#### Information provided

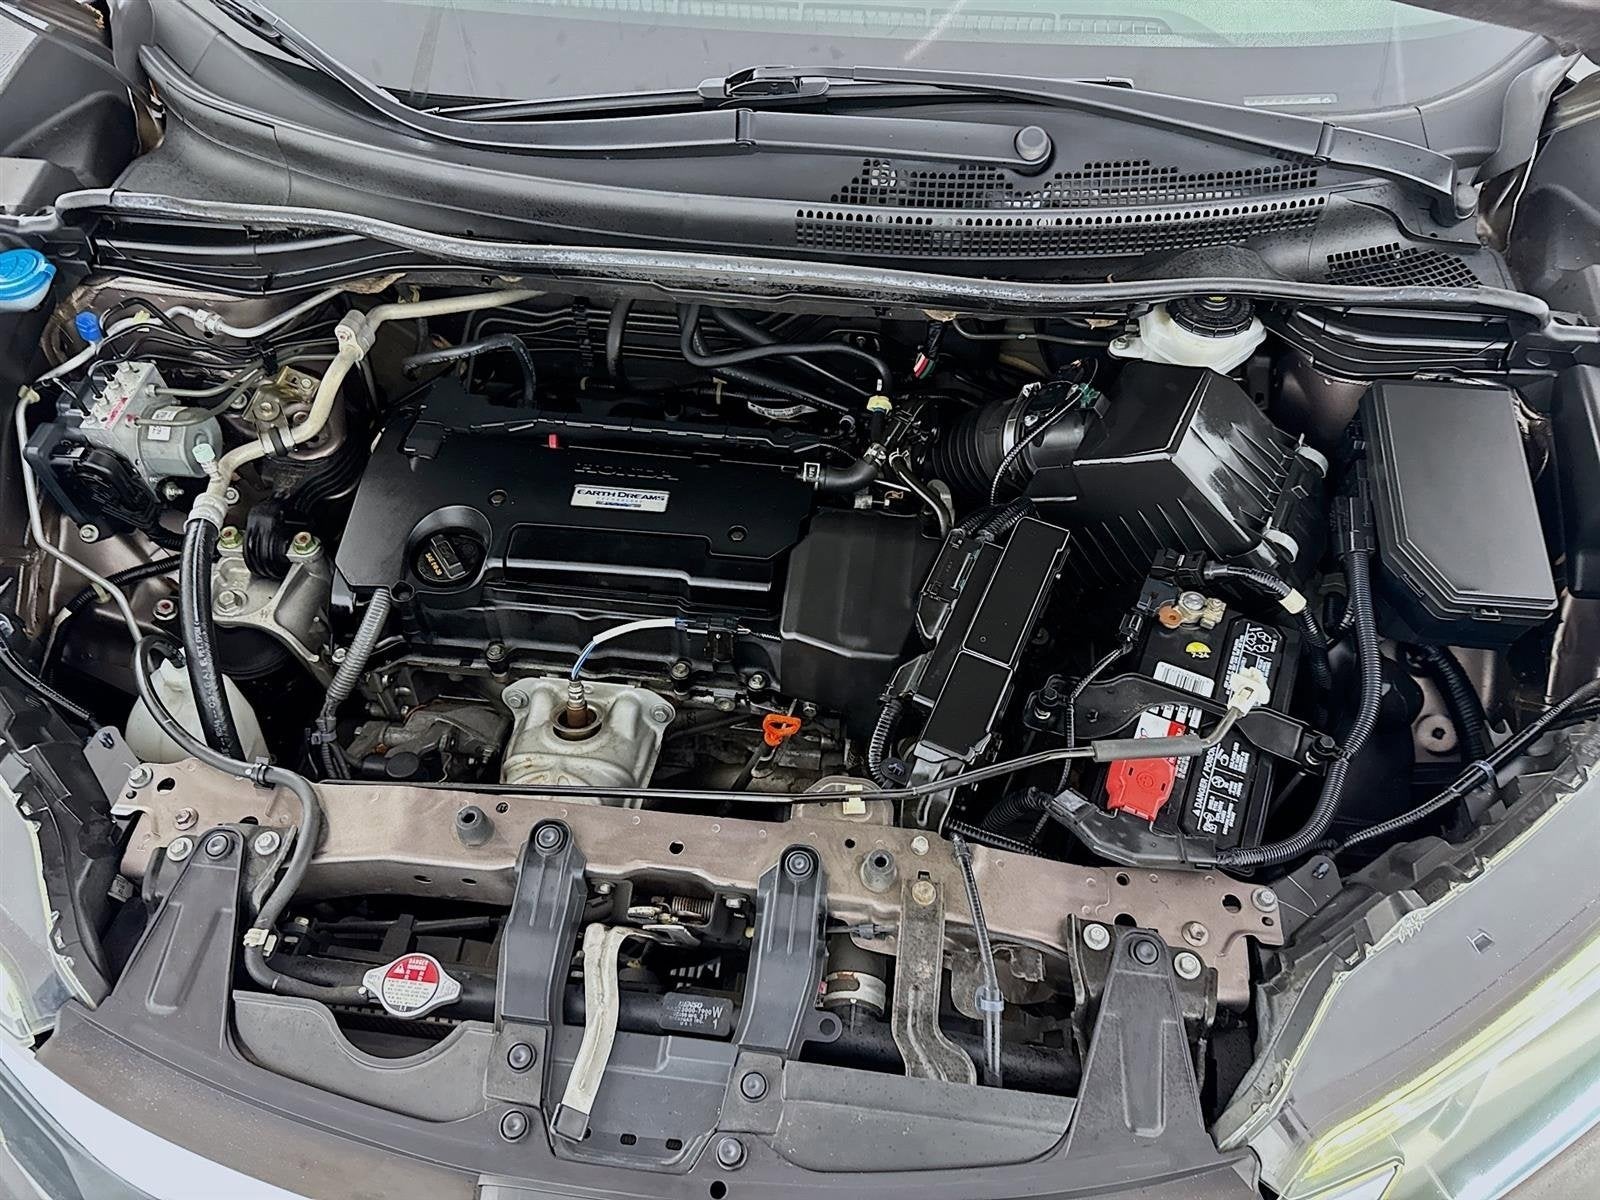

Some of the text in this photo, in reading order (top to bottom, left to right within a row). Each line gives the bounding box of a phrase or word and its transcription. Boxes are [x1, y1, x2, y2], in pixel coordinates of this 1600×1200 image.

[577, 488, 616, 498] EARTH
[617, 491, 665, 501] DREAMS
[1194, 777, 1207, 808] DANGER
[1202, 746, 1216, 772] POISON
[712, 1006, 724, 1018] W

########

- [What you need to do]:
Exactly as they appear above, print all the lines, but not the pictures.

- [Reply to the exercise]:
Some of the text in this photo, in reading order (top to bottom, left to right within a row). Each line gives the bounding box of a phrase or word and its transcription. Boxes are [x1, y1, x2, y2], in pixel coordinates of this 1600×1200 image.

[577, 488, 616, 498] EARTH
[617, 491, 665, 501] DREAMS
[1194, 777, 1207, 808] DANGER
[1202, 746, 1216, 772] POISON
[712, 1006, 724, 1018] W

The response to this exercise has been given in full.